Problem to work on: Repeat the full listing, word for word.

Listed entries:
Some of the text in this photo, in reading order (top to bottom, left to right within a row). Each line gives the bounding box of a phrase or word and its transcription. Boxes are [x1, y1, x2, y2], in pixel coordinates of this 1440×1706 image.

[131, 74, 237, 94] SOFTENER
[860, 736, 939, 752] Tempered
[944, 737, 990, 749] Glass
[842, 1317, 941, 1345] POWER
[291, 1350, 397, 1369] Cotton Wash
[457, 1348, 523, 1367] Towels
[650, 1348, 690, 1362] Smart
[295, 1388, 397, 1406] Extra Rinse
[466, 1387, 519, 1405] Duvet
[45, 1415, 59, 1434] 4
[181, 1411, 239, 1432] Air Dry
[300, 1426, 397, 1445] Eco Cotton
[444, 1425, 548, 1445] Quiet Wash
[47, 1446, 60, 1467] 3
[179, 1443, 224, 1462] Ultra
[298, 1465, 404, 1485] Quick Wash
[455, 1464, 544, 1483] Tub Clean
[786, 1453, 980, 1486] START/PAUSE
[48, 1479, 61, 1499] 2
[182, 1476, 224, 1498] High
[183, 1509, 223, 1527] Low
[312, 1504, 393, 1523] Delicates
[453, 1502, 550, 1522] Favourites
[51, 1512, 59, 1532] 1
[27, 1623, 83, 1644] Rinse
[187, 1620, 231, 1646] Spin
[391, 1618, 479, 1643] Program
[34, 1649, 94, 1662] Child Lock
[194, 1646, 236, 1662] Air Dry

Reply:
Some of the text in this photo, in reading order (top to bottom, left to right within a row). Each line gives the bounding box of a phrase or word and its transcription. Boxes are [x1, y1, x2, y2], in pixel coordinates of this 1440×1706 image.

[131, 74, 237, 94] SOFTENER
[860, 736, 939, 752] Tempered
[944, 737, 990, 749] Glass
[842, 1317, 941, 1345] POWER
[291, 1350, 397, 1369] Cotton Wash
[457, 1348, 523, 1367] Towels
[650, 1348, 690, 1362] Smart
[295, 1388, 397, 1406] Extra Rinse
[466, 1387, 519, 1405] Duvet
[45, 1415, 59, 1434] 4
[181, 1411, 239, 1432] Air Dry
[300, 1426, 397, 1445] Eco Cotton
[444, 1425, 548, 1445] Quiet Wash
[47, 1446, 60, 1467] 3
[179, 1443, 224, 1462] Ultra
[298, 1465, 404, 1485] Quick Wash
[455, 1464, 544, 1483] Tub Clean
[786, 1453, 980, 1486] START/PAUSE
[48, 1479, 61, 1499] 2
[182, 1476, 224, 1498] High
[183, 1509, 223, 1527] Low
[312, 1504, 393, 1523] Delicates
[453, 1502, 550, 1522] Favourites
[51, 1512, 59, 1532] 1
[27, 1623, 83, 1644] Rinse
[187, 1620, 231, 1646] Spin
[391, 1618, 479, 1643] Program
[34, 1649, 94, 1662] Child Lock
[194, 1646, 236, 1662] Air Dry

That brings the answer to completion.